Most attempts to shorten an insurance application, fall into the trap of looking only at the number of questions.  This is misleading, and often results in the underwriter simply combining questions, making them extremely complex.

Here's a better approach:

  1. Identify the questions which add no value.  Then discard them.
  2. Focus less on disease, and more on proxies for severity of disease.  For example, a question about hospitalisation or time off work, is often effective for several diseases.
  3. Segment the forms based on profile.  Younger lives typically have lower disease prevalence than older lives, so can we waive some of the questions for younger applicants with little or no cost impact?
  4. Use the risk-relevant information we already have. As an example, we know white collar workers have a much better mortality than blue collar workers so can we use this to get a head start on our risk selection?  This segment might require fewer medical questions in order to get the same fully underwritten price.

Medical evidence

Once the customer has persevered and negotiated the application form, they must submit to medical exams, blood tests and potential other requirements. These are costly both in terms of fees paid, but especially in the hidden price of lost business.  Can we better triage the applicants and limit extra examination to cases where it truly offers protective value?

Medical evidence limits (sometimes confusingly called non-medical limits), vary enormously.  However, there is one thing they do have in common: none match very well to the theoretical cost-benefit tipping point -- where the value of each test actually makes mathematical sense. The most common error when defining these limits is failure to use pre-test probability of disease.  This usually means insurers test too early on younger lives, where disease prevalence is low.  The result is more "cost" than "benefit".

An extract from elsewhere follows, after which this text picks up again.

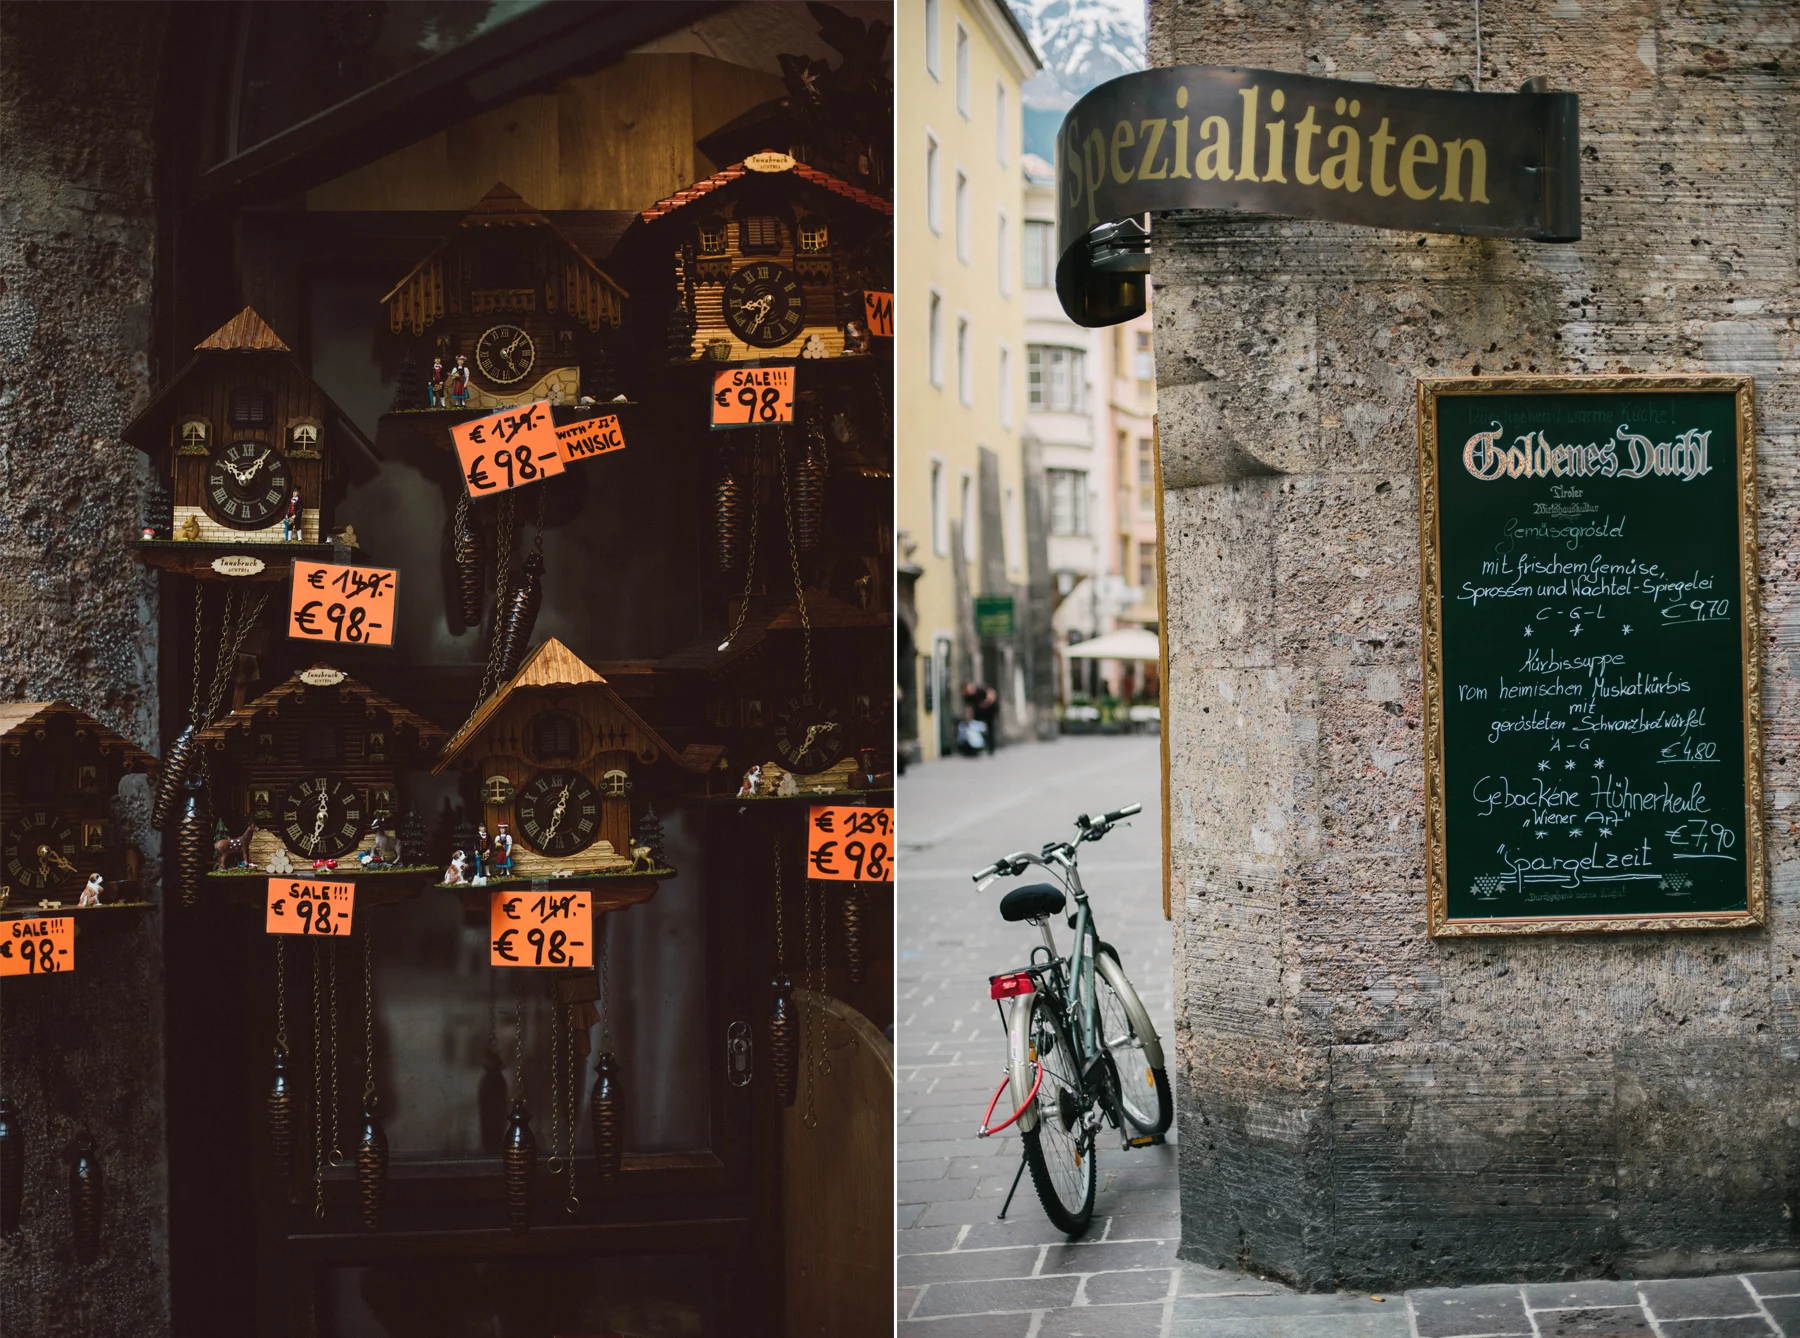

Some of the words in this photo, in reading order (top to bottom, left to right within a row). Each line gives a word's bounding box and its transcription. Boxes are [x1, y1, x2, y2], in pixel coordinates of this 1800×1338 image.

Similarly the term of the policy is considered a variable in the value of tests, but I'm not aware of any company that uses this information systematically.  The preference is to keep it simple and focus only on age and sum assured.  Now, if we add disclosed medical factors from the application as an additional indicator of test value, you start to see huge areas where we can decrease the spend on medical evidence, and still retain the tests that add real value. 


Underwriting is only one of the complexities faced by someone trying to buy our products, but it arguably plays one of the most important roles in determining how easy and fast the process is for the end consumer.  The more we can speed decision making and provide immediate answers at the point of sale, the more we create satisfied – and protected – consumers. 

By extension, this combination of speed and simplification is essential to facilitate business growth.  Simplification is not simple, but it is also not impossible.  It requires a fresh and informed mind-set and a willingness to challenge the status quo. Swiss Re is eager to work with you on this challenge.  We want to help create solutions based on your particular market and sales strategy to help you simplify in an intelligent manner.